La dialéctica de la razón y la dinámica autodestructiva de una modernización acelerada no son descubrimientos recientes. Es en el contexto de una civilización que "descarrila" donde hay que situar mi interés por una aproximación respetuosa hacia tradiciones religiosas que se distinguen por la capacidad superior que poseen de articular nuestra sensibilidad moral. Emprendido en un espíritu que no pretende criticar las religiones, el trabajo que consista en traducir su mensaje a lenguajes públicos y universalmente accesibles, sería el ejemplo de una secularización que salva en vez de aniquilar.
Usted ha escrito este verano pasado [2002] un artículo sobre el tabú del antisemitismo, que algunos, especialmente en Alemania, desearían poder transgredir. ¿Cómo interpreta este retorno, bastante general en Europa, que consiste en culpabilizar el deber de memoria como una especie de censura insoportable, y a defender el derecho a "mal pensar"?
Muchas veces se trata simplemente de un conflicto, muy comprensible, que opone los jóvenes a una generación de mayores, cuya dominación de la vida intelectual es -favorecida por circunstancias históricas- inhabitualmente larga.

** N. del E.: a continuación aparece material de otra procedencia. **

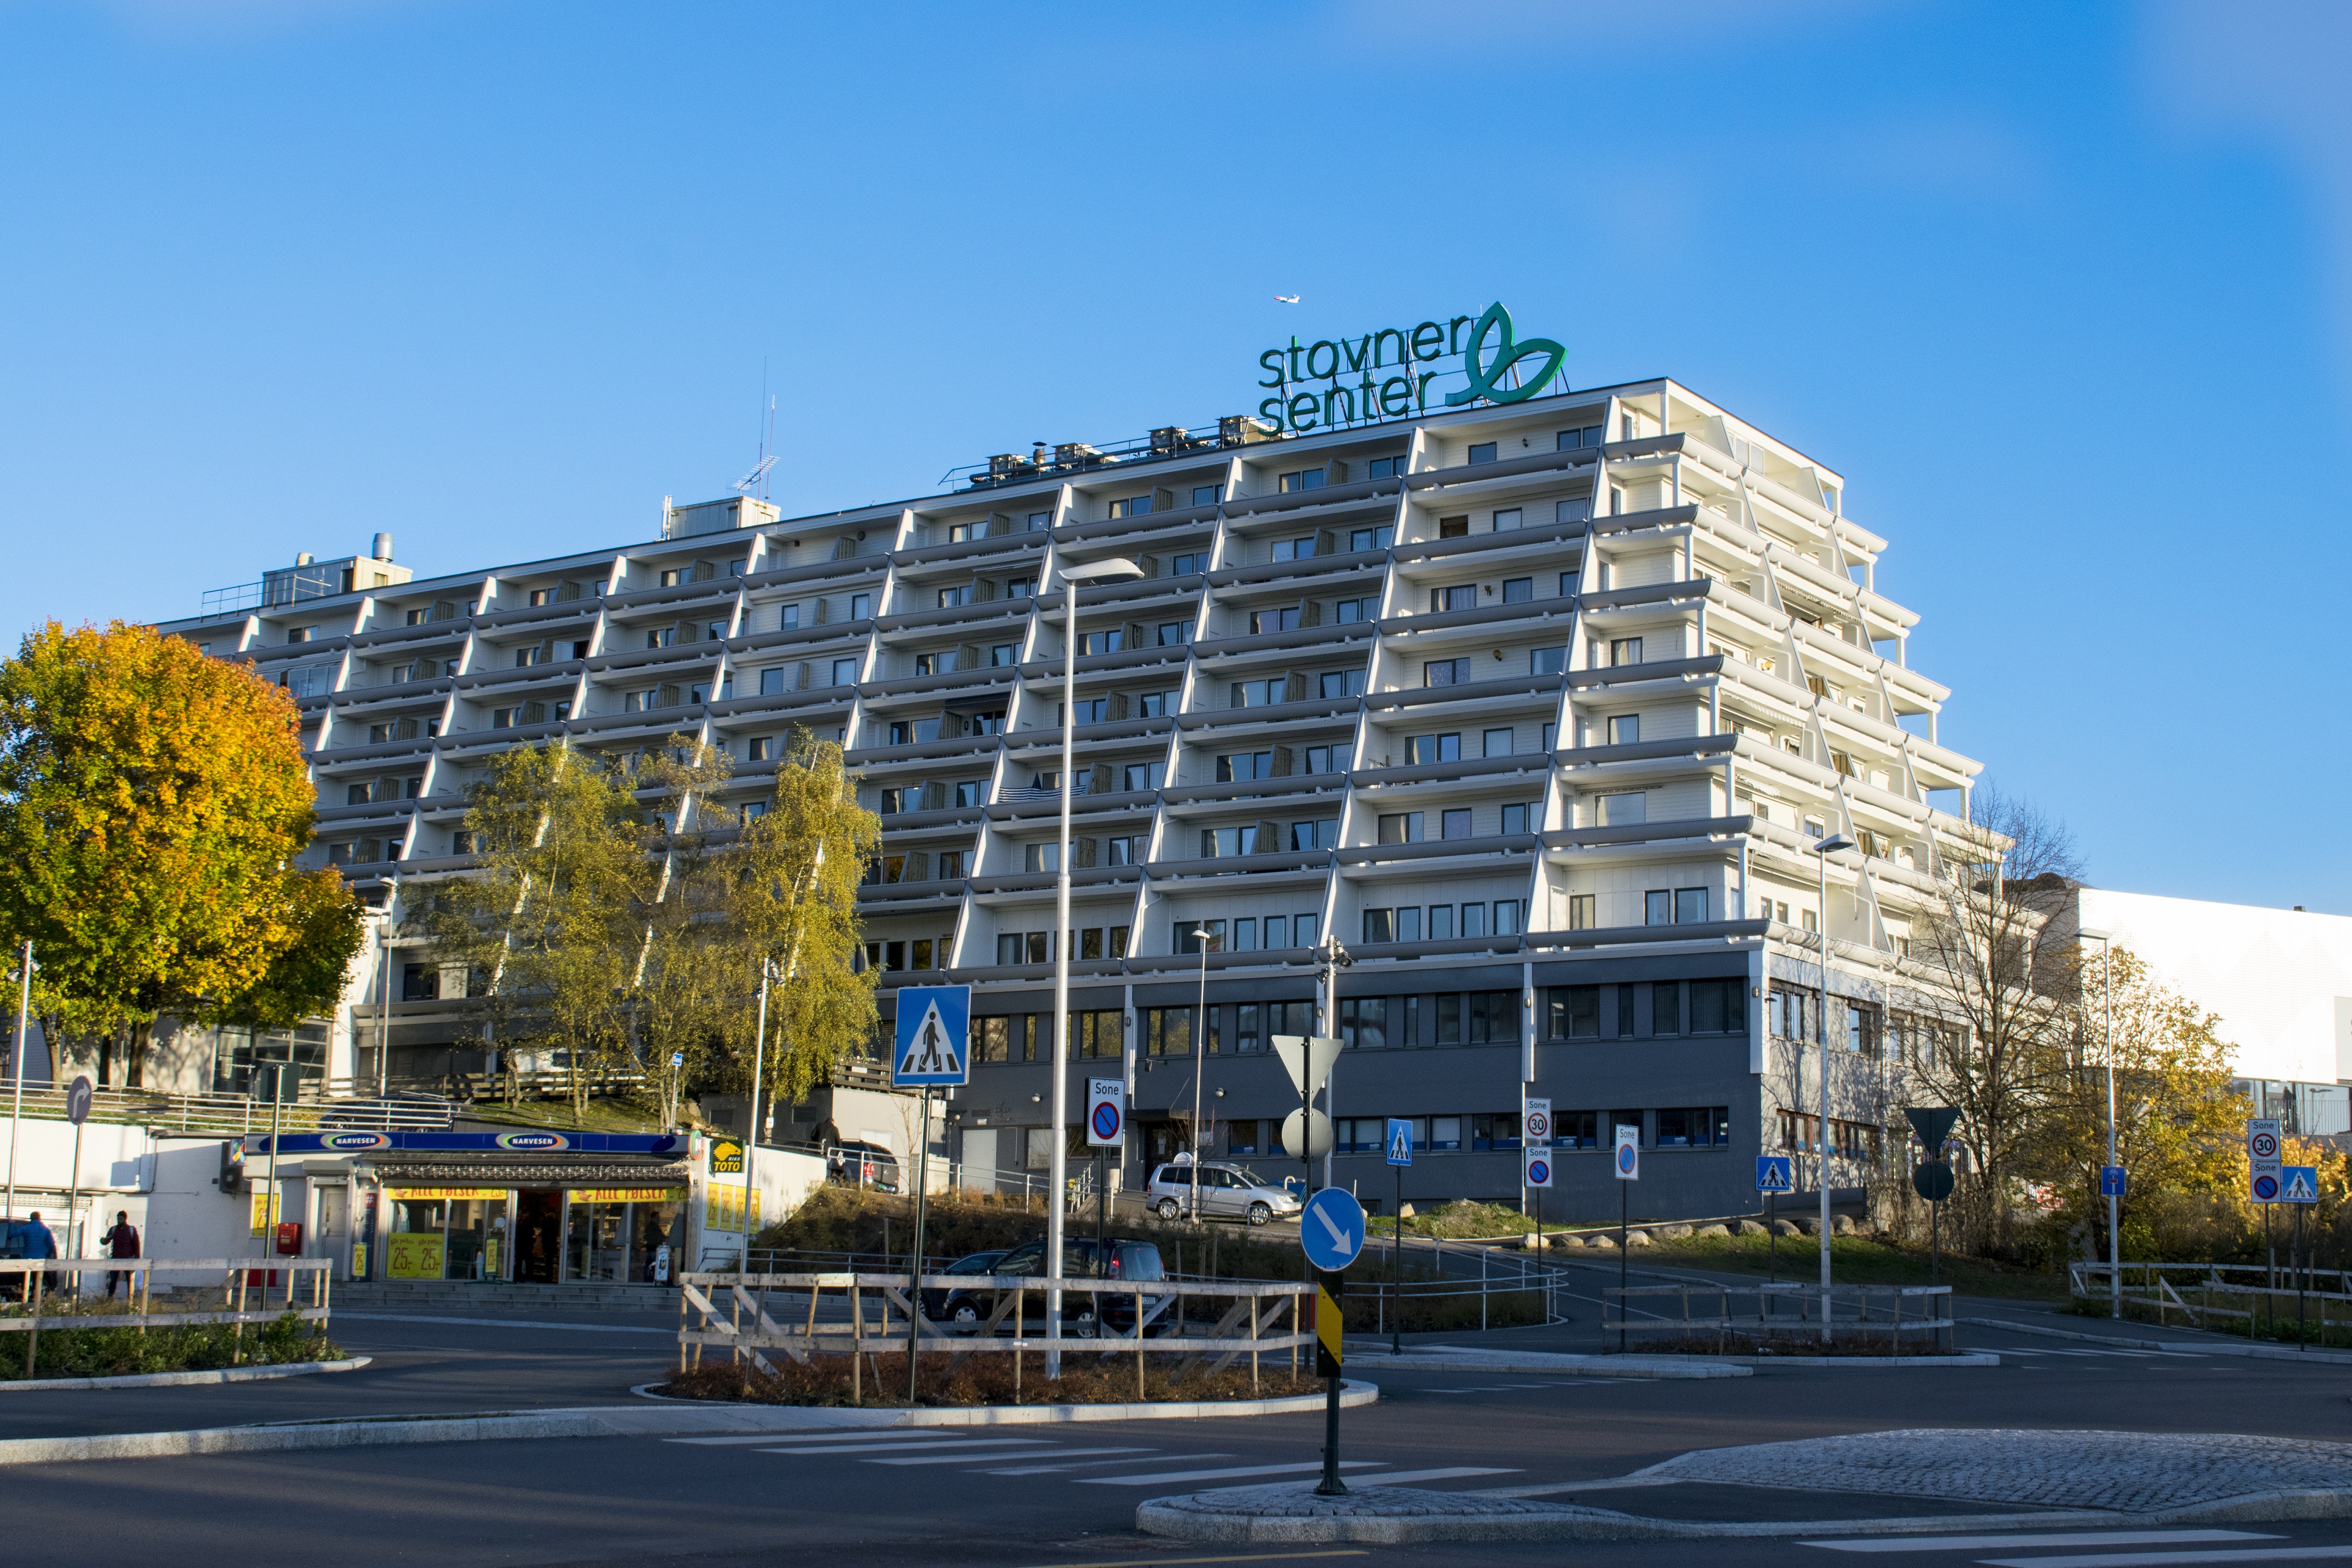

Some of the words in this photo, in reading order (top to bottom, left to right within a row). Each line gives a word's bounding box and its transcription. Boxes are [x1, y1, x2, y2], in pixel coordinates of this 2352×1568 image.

En la medida en que dicho giro es, además, iniciado por ciertos renegados de la izquierda de 1968, la hostilidad visceral hacia todo cuanto es normativo parece, más bien, el síndrome de un agotamiento; una vez perdido el adversario que podría ser objeto de sus humoradas surrealistas, se vuelven contra los ideales que ellos mismos revocaron desde hace mucho. Dicho esto, en el contexto de la vida intelectual alemana, este cambio de mentalidad presenta también características nacionales muy específicas.
Tras de la reunificación, los intelectuales, se pusieron otra vez a expresar aspiraciones nacionales rechazadas durante mucho tiempo. Los estilos son diversos: más como siempre en Martin Walser, dotado de una coloración joven-conservadora en otro escritor como Botho Strauss, mezclada de aspectos liberales en quienes se denominan la Generación berlinesa. El denominador común de todas esas tendencias es un deseo de normalidad y la celebración de un espíritu desacomplejado, respeto a las tradiciones propias de Alemania, que se rodean de un aura falaz y de las cuales se pretende que fueron proscritas. Se piensa entonces fácilmente en autores como Carl Schmitt (1888-1985) que tras de la Segunda guerra mundial hizo creer que era un pensador perseguido, cuando la recepción de su obra presenta una continuidad ininterrumpida desde la década de 1930 hasta nuestros días.